At the National Institute of Standards and Technology (NIST), researchers have developed a novel design for light-emitting diodes (LEDs), which could help address a long-standing drawback in the efficiency of light sources.

The fin LED pixel design includes the glowing zinc oxide fin (purple), isolating dielectric material (green), and metal contact (yellow atop green). The microscopic fins, which the research team arranged into comb-like arrays, show an increase in brightness of 100 to 1,000 times over conventional submicron-sized LED designs. Image Credit: B. Nikoobakht, N. Hanacek/NIST.

The researchers illustrated the concept by using microscopic LEDs in the laboratory, realizing a drastic increase in brightness and the potential to develop laser light—all properties that could render it useful in a range of miniaturized and large-scale applications.

The NIST researchers also collaborated with researchers from the University of Maryland, Rensselaer Polytechnic Institute, and the IBM Thomas J. Watson Research Center on this study. The team has described the study in a paper published recently in the peer-reviewed journal Science Advances.

The new device exhibits about 100 to 1,000 times increase in the brightness when compared to traditional small, submicron-sized LED designs.

It’s a new architecture for making LEDs,” said NIST’s Babak Nikoobakht, who invented the new design. “We use the same materials as in conventional LEDs. The difference in ours is their shape.”

LEDs have been in existence for several years, but the creation of bright LEDs won a Nobel prize and led to a new era of lighting. But even modern LEDs have a drawback that disappoints the designers.

To some extent, supplying an LED with more electricity makes it shine very bright, but the brightness decreases soon, rendering the LED highly inefficient. Named “efficiency droop” in industrial terms, the problem prevents the use of LEDs in various potential applications, ranging from the destruction of viruses to communications technology.

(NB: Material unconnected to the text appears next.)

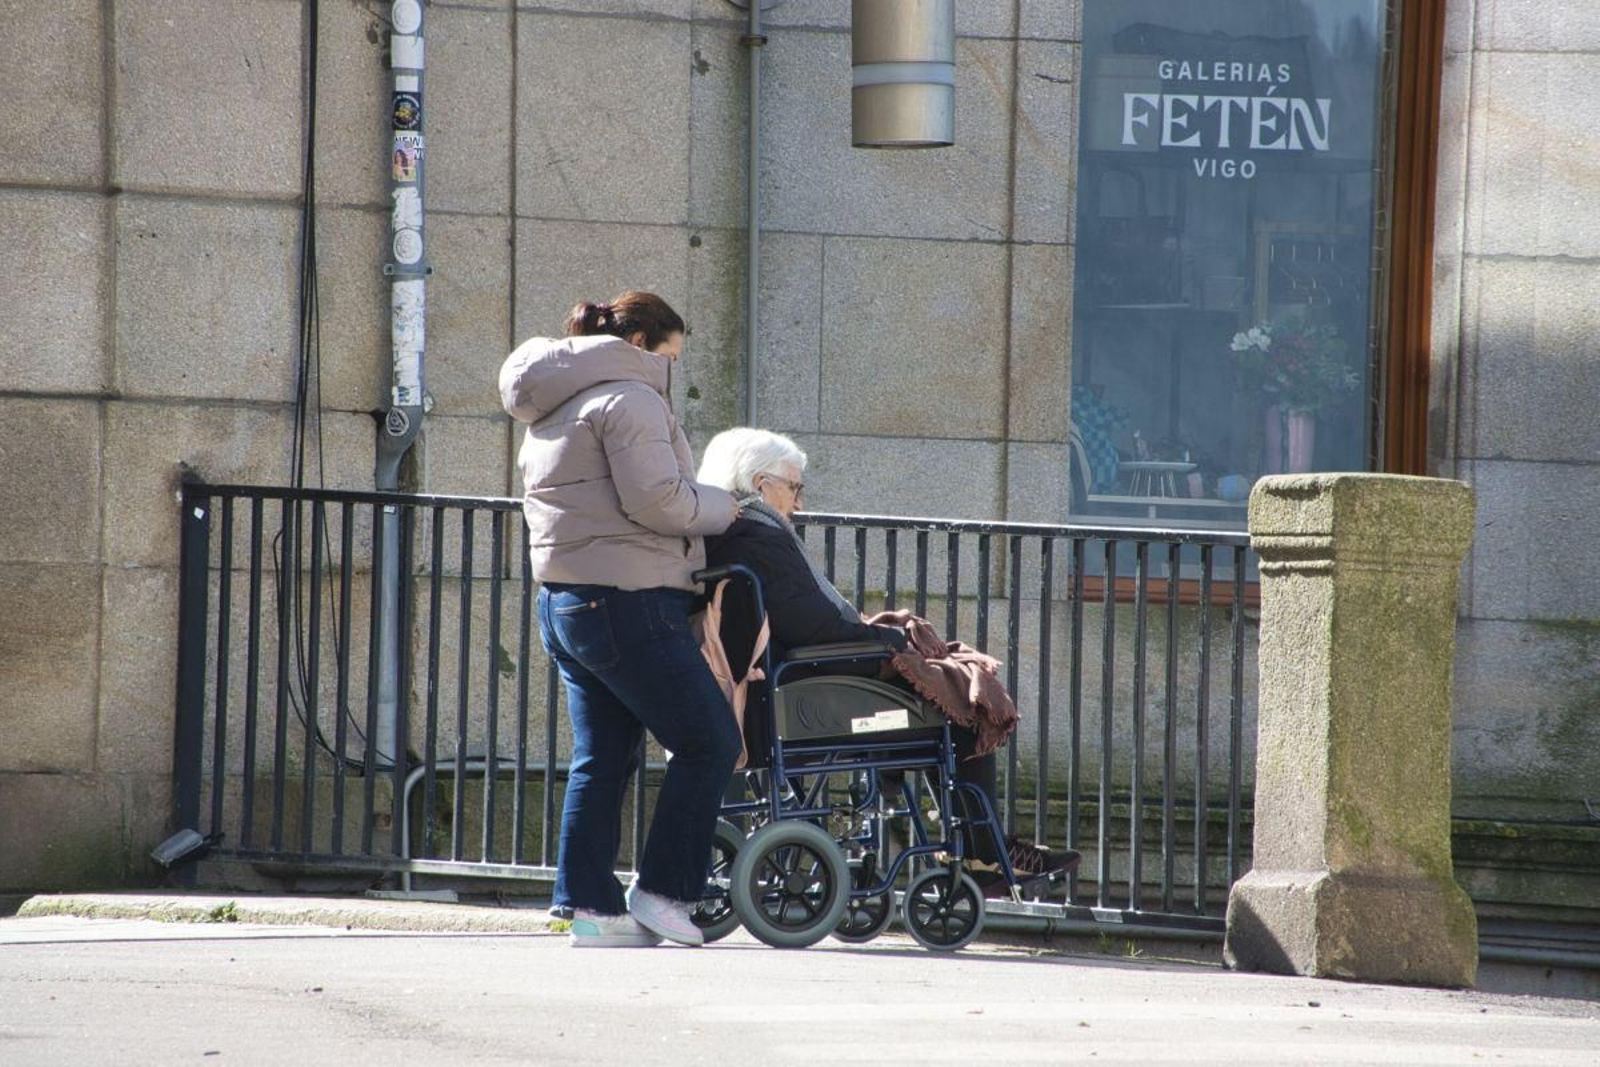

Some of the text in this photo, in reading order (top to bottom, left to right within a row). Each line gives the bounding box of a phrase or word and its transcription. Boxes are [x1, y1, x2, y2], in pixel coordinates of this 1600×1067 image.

Although the novel LED design prevents the drop in efficiency, at first, the team did not seek to resolve this issue. Their main objective was to make a microscopic LED for use in minuscule applications such as the lab-on-a-chip technology sought by researchers at NIST and elsewhere.

The researchers experimented with a completely new design for the part of the LED that shines: In contrast to the flat, planar design used in traditional LEDs, the team developed a light source using long, thin zinc oxide strands known as fins. (Long and thin are just relative terms—Each fin measures only around 5 μm in length, extending about one-tenth of the way across the breadth of an average strand of human hair).

Their fin array resembles a tiny comb with the ability to extend to regions as large as 1 cm or more.

We saw an opportunity in fins, as I thought their elongated shape and large side facets might be able to receive more electrical current. At first, we just wanted to measure how much the new design could take. We started increasing the current and figured we’d drive it until it burned out, but it just kept getting brighter.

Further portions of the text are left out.